Le Premier ministre canadien Mark Carney a exprimé son soutien à l'idée que son pays devienne le premier membre associé de l'Union européenne. Cette proposition, faite par la présidente de la Commission européenne Ursula von der Leyen lors d'un discours au Parlement, vise à renforcer les liens entre les deux entités. Carney a jugé que le Canada et l'UE étaient « plus forts ensemble», affirmant que les sondages montrent une majorité de Canadiens en faveur de cette collaboration.
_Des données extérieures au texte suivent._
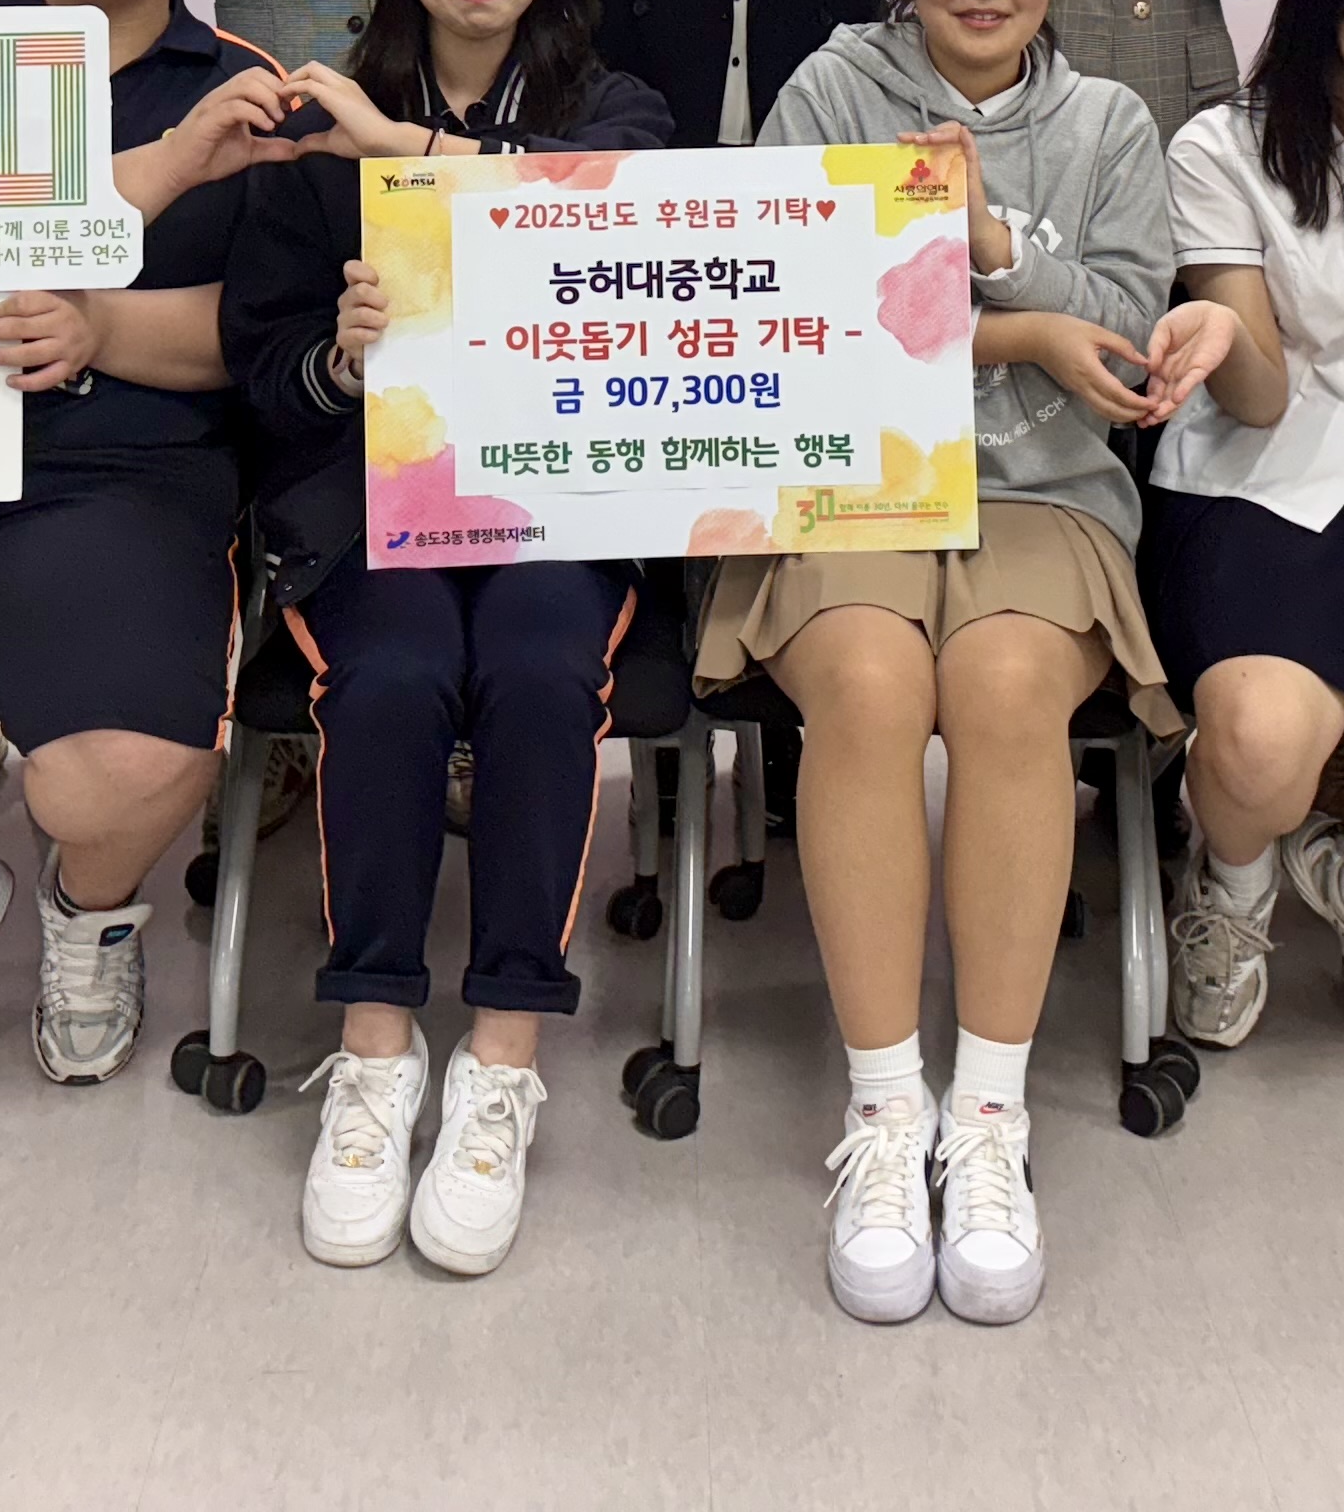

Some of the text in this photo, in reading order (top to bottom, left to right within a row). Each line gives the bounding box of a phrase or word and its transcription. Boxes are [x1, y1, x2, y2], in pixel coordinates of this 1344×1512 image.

[381, 174, 435, 191] Yeonsu
[34, 220, 70, 240] 이룬
[79, 218, 131, 240] 30년,
[515, 197, 811, 230] 2025년도 후원금 기탁
[29, 245, 84, 267] 꿈꾸는
[92, 244, 129, 266] 연수
[549, 257, 780, 304] 능허대중학교
[506, 320, 647, 361] 이웃돕기
[668, 317, 738, 358] 성금
[758, 316, 829, 355] 기탁
[552, 372, 781, 414] 금 907,300원
[481, 433, 854, 476] 따뜻한 동행 함께하는 행복
[414, 526, 545, 547] 송도3동 행정복지센터
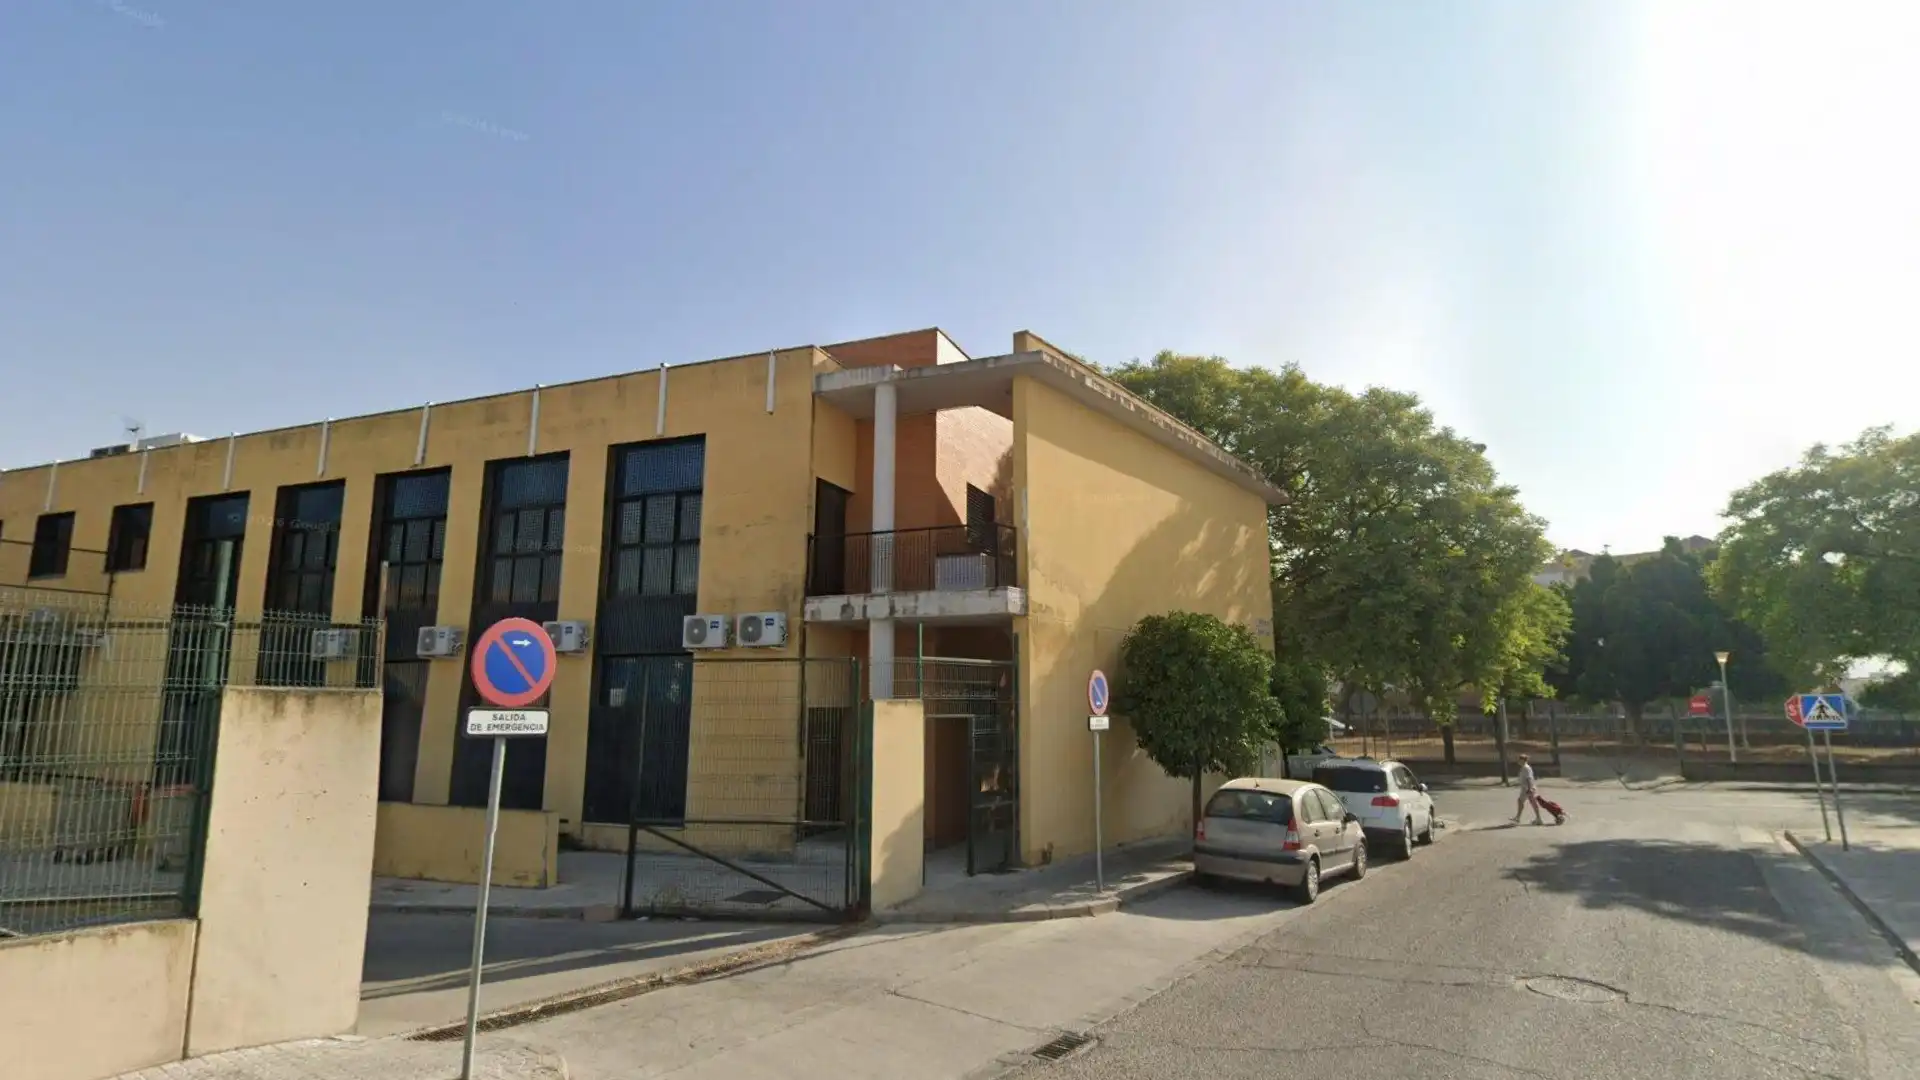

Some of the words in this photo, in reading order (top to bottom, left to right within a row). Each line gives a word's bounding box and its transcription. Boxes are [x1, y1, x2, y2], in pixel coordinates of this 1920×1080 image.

[492, 713, 526, 721] SALIDA
[470, 723, 483, 732] DE
[486, 723, 545, 732] EMERGENCIA
Cette initiative a suscité une réaction vive de Donald Trump, qui menace de répondre par des sanctions si l'Union européenne concrétise ce partenariat. Le président américain a exprimé son mécontentement face à ce rapprochement, craignant une perte d'influence sur les marchés nord-américains. Les États-Unis et l'UE ont longtemps partagé des relations commerciales étroites, et cette évolution pourrait bouleverser les équilibres économiques.

Les détails du statut de membre associé restent à définir, mais il s'agit d'une proposition inédite qui pourrait ouvrir la voie à une coopération plus étroite dans divers domaines. Le Canada, déjà un partenaire clé de l'UE dans des secteurs comme le commerce et la sécurité, pourrait ainsi renforcer sa position géopolitique. Les discussions devraient se poursuivre à l'avenir, sous le regard vigilant des États-Unis.